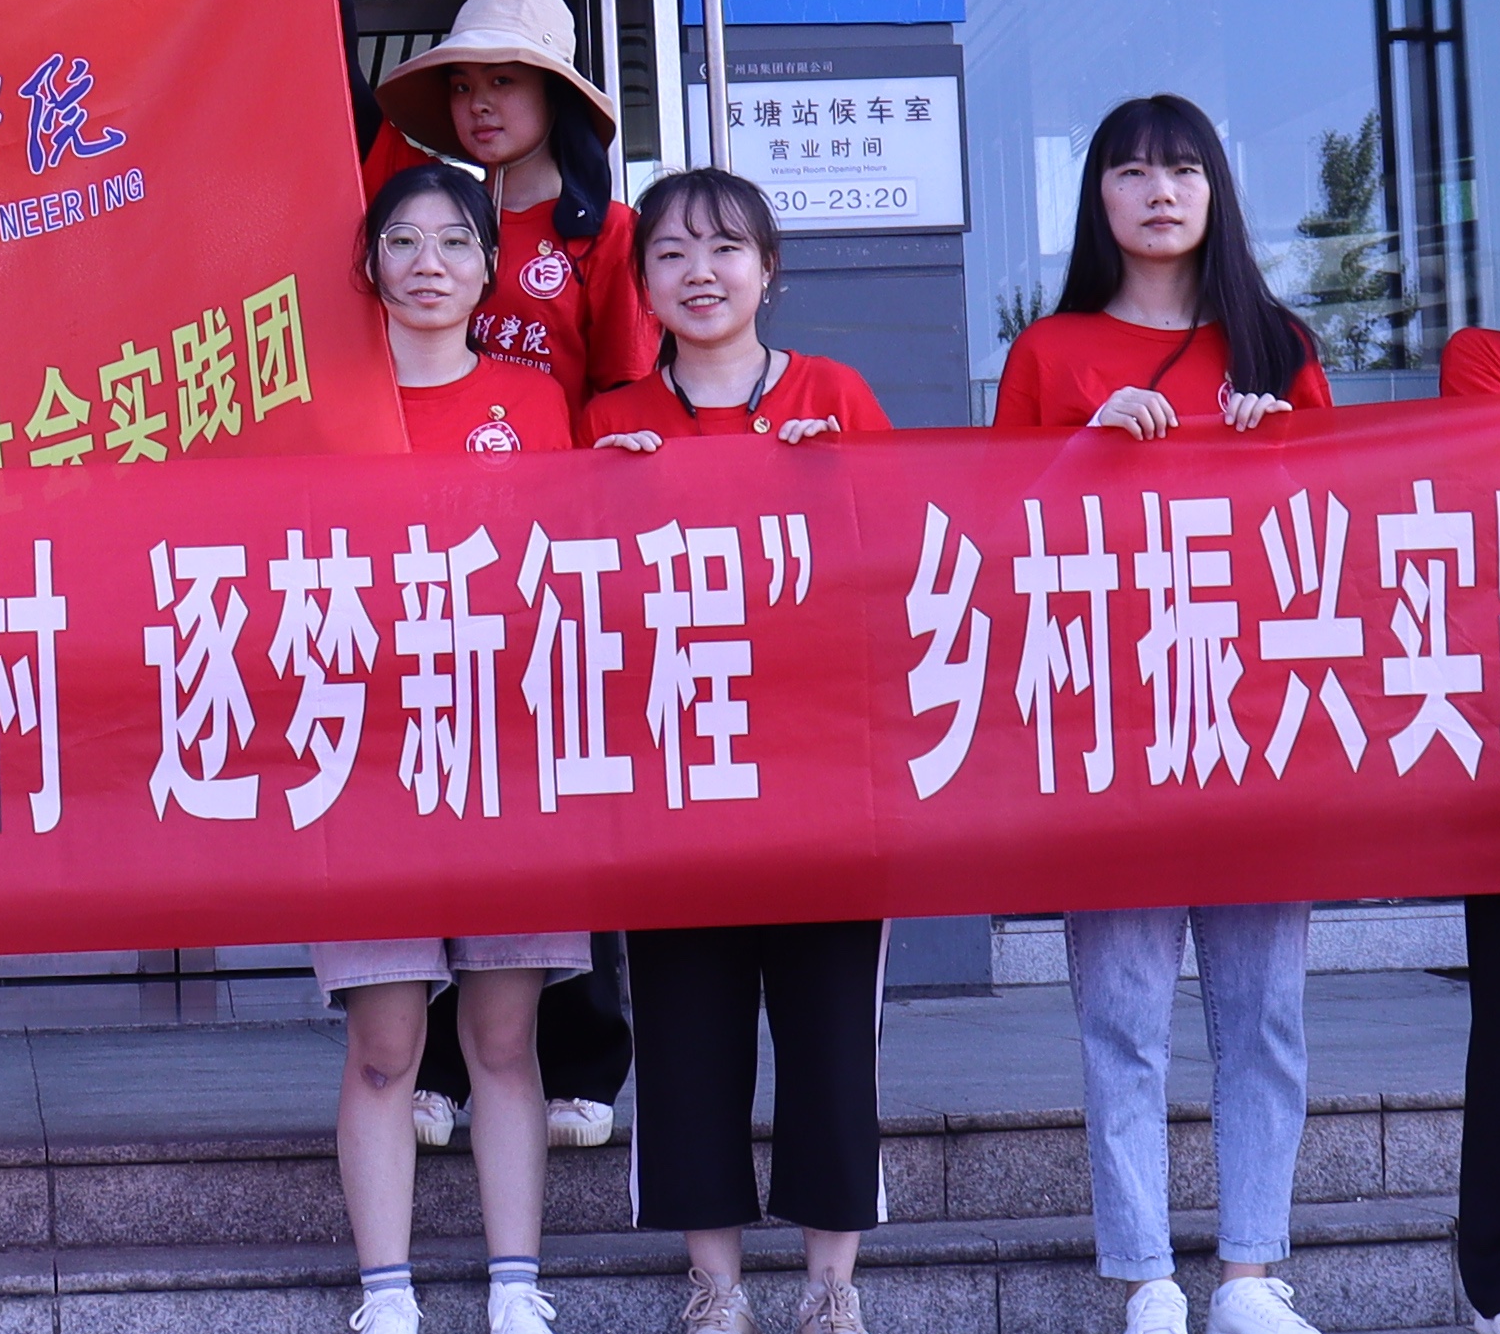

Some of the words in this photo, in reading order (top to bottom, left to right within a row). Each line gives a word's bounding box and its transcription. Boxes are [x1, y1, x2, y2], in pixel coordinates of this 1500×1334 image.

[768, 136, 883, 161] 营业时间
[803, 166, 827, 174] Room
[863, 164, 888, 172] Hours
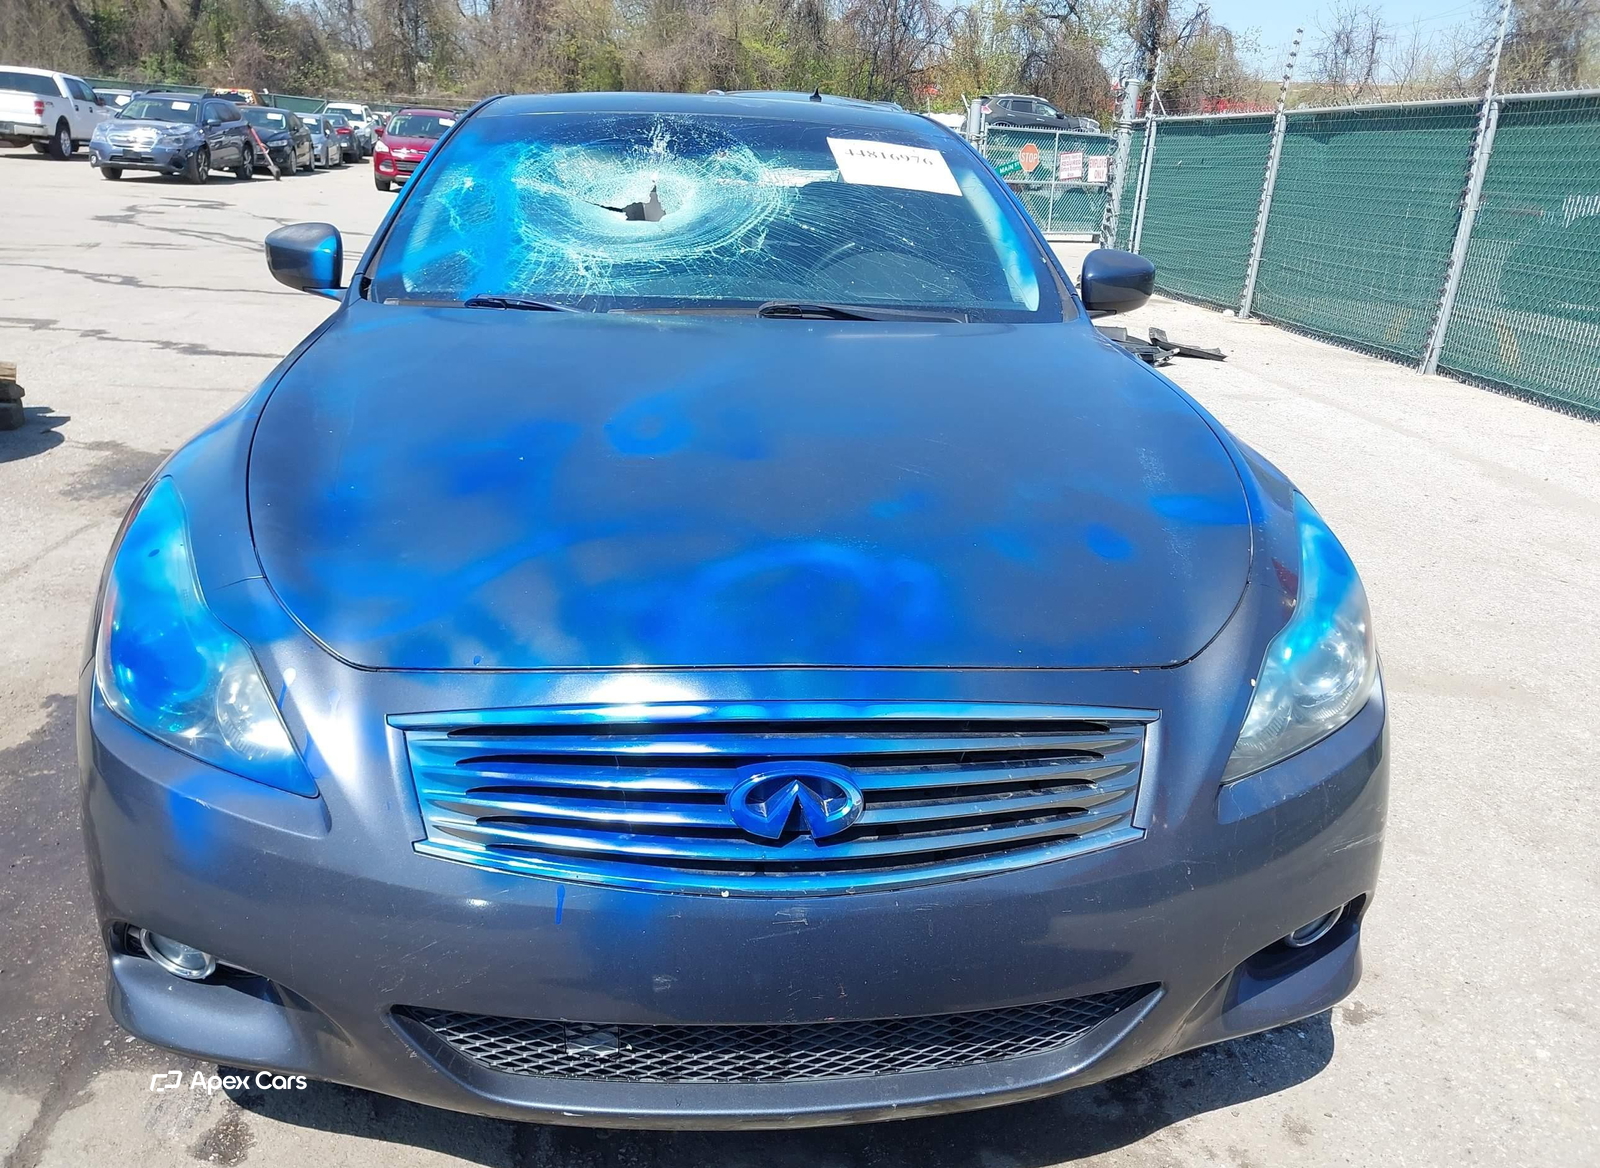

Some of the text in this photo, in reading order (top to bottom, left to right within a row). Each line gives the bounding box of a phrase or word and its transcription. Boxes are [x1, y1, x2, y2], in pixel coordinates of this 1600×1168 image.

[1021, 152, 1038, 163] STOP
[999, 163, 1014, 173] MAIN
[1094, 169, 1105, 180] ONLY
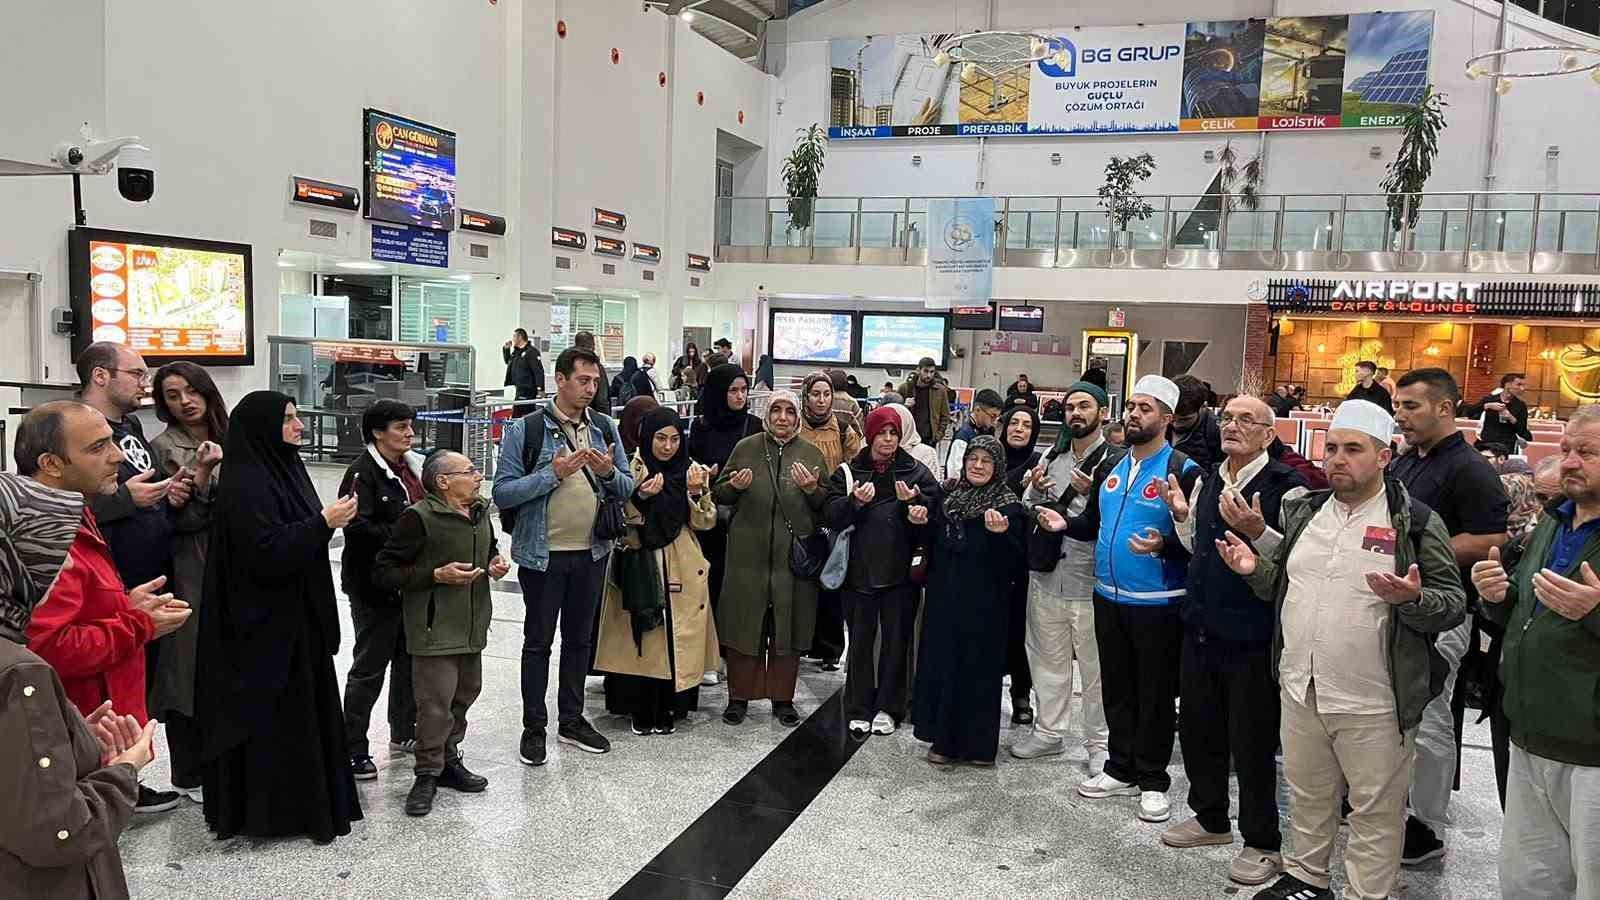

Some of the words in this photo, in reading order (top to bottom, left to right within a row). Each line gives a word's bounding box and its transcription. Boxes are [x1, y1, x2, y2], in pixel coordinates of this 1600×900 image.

YOUR GOAL — Your response should consist solely of the lines from the line with "Some of the text" through the last line of the entries above, printed exactly and without pictures.

REPLY TO THE EXERCISE —
Some of the text in this photo, in reading order (top to bottom, left to right within a row). Each line gives the bounding box of a phrase or word and its transcription. Boxes are [x1, y1, x2, y2], in pixel coordinates of this 1600×1168 image.

[1021, 152, 1038, 163] STOP
[999, 163, 1014, 173] MAIN
[1094, 169, 1105, 180] ONLY

Some of the words in this photo, in reading order (top to bottom, left to right within a row). Each line gives a word's bounding box and its transcription. Boxes are [x1, y1, x2, y2], in pixel coordinates of this 1600×900 image.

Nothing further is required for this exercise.